What the task asks:
Can you retype only the lines from the one with "this 1659×2212 image." through the final line of the material, exactly as given?
_ _ _ _ _ _ _
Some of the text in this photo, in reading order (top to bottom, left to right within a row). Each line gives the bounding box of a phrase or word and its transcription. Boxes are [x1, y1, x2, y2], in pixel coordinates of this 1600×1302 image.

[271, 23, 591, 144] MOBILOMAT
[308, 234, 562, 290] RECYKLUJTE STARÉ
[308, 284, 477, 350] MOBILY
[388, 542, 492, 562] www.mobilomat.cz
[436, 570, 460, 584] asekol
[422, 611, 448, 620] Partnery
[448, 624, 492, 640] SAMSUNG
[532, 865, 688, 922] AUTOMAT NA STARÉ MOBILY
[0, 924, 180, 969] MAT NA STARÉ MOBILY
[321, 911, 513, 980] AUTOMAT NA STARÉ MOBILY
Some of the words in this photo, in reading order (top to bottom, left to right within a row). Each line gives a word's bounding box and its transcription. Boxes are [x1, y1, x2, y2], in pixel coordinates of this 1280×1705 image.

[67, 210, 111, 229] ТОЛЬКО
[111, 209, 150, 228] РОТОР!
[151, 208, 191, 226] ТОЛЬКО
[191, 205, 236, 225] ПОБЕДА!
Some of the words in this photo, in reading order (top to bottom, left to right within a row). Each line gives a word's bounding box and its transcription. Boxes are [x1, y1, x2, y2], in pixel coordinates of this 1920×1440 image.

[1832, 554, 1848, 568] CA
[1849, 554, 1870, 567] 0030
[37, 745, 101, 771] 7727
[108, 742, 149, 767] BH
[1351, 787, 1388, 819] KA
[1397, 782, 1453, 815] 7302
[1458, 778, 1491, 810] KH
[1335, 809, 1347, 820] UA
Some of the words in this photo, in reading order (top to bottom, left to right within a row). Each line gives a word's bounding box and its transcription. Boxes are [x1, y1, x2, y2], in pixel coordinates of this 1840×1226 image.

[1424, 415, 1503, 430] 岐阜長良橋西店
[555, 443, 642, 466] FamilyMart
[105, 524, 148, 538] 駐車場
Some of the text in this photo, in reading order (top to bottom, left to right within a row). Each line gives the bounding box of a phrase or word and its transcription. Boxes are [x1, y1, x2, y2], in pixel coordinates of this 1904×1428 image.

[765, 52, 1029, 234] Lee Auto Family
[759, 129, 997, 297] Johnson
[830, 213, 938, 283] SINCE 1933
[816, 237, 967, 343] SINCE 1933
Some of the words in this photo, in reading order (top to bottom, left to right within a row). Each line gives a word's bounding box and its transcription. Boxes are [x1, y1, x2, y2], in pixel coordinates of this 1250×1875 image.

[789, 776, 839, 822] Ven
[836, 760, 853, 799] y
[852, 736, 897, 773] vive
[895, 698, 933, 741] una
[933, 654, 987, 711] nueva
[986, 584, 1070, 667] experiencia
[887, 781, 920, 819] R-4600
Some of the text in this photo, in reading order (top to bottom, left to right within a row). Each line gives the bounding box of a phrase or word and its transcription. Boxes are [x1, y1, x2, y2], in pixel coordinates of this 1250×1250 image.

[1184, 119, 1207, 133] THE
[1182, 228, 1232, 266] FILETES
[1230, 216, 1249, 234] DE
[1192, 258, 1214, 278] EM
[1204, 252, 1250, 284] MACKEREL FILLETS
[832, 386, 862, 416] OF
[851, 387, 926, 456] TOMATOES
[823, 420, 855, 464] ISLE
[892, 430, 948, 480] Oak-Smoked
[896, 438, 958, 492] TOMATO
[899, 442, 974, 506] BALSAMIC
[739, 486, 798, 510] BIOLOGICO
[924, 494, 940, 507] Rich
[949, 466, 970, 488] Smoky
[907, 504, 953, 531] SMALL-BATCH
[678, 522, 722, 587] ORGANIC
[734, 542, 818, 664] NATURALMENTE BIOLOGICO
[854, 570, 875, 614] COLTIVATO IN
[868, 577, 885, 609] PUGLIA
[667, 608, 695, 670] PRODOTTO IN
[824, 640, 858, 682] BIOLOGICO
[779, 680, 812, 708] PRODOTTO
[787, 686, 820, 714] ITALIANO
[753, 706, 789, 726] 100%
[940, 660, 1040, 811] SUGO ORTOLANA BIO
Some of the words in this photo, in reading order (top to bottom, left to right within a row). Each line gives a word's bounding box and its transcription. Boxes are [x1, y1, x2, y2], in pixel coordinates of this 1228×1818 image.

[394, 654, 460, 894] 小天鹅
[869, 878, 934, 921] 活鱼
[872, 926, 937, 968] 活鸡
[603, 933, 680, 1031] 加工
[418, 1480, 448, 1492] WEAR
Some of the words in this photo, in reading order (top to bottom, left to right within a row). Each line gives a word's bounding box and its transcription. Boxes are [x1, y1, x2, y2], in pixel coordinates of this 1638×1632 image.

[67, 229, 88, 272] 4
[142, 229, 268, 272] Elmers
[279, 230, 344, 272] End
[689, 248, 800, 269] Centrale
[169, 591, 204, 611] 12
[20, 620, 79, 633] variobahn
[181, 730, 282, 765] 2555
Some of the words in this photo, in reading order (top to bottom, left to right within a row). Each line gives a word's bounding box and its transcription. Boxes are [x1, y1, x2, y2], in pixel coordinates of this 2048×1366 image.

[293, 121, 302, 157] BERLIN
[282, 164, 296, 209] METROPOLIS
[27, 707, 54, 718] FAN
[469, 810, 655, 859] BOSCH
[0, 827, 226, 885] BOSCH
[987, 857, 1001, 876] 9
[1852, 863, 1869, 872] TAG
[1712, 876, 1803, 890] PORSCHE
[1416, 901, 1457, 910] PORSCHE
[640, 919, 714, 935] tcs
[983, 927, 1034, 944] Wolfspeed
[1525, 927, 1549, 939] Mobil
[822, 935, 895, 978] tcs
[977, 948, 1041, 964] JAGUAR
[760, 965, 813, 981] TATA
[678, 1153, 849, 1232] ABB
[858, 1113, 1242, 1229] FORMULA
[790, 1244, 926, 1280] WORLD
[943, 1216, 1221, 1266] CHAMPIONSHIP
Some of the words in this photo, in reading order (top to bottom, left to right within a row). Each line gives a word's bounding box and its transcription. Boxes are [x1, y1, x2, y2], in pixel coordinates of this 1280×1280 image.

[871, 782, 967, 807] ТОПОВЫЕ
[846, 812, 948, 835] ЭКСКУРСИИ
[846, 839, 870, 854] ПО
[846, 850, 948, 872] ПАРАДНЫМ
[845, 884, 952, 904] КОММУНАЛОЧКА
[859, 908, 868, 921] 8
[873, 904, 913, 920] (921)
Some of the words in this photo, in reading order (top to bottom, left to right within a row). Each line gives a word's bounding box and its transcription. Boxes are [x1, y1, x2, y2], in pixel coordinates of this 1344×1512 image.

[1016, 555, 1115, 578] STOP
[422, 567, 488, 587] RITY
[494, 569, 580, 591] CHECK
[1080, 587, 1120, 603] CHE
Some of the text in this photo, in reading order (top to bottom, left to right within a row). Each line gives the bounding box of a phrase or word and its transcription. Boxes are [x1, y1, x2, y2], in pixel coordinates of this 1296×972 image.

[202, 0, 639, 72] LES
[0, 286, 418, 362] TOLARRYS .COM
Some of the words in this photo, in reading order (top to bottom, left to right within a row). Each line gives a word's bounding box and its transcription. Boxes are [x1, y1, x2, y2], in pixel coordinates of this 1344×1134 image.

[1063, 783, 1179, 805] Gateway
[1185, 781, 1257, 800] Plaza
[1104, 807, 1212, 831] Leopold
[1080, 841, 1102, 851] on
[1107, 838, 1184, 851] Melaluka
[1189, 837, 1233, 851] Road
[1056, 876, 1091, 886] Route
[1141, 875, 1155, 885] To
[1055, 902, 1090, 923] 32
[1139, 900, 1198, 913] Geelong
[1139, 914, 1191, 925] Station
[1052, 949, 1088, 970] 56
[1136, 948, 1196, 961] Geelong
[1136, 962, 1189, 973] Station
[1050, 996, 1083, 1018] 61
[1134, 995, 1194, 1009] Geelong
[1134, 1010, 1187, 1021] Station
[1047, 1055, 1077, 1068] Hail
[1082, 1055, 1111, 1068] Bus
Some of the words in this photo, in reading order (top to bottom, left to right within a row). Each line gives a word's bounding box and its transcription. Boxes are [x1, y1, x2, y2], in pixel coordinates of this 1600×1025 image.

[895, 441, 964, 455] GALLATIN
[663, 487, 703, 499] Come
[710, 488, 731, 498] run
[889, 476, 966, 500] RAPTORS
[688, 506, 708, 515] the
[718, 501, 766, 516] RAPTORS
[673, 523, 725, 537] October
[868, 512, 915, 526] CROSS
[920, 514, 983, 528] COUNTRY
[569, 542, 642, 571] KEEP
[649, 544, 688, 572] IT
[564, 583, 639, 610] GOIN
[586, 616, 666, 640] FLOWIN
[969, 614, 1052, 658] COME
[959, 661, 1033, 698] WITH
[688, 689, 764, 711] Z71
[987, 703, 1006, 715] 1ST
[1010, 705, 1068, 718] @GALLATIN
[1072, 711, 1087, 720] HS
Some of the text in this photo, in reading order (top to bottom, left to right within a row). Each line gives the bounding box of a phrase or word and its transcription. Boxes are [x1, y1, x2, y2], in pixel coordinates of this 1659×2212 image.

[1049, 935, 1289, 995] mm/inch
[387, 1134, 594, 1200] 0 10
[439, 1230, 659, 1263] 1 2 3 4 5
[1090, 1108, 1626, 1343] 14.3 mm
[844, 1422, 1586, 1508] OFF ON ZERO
_ _ _ _ _ _ _
Written answer:
Some of the text in this photo, in reading order (top to bottom, left to right within a row). Each line gives the bounding box of a phrase or word and its transcription. Boxes are [x1, y1, x2, y2], in pixel coordinates of this 1659×2212 image.

[1049, 935, 1289, 995] mm/inch
[387, 1134, 594, 1200] 0 10
[439, 1230, 659, 1263] 1 2 3 4 5
[1090, 1108, 1626, 1343] 14.3 mm
[844, 1422, 1586, 1508] OFF ON ZERO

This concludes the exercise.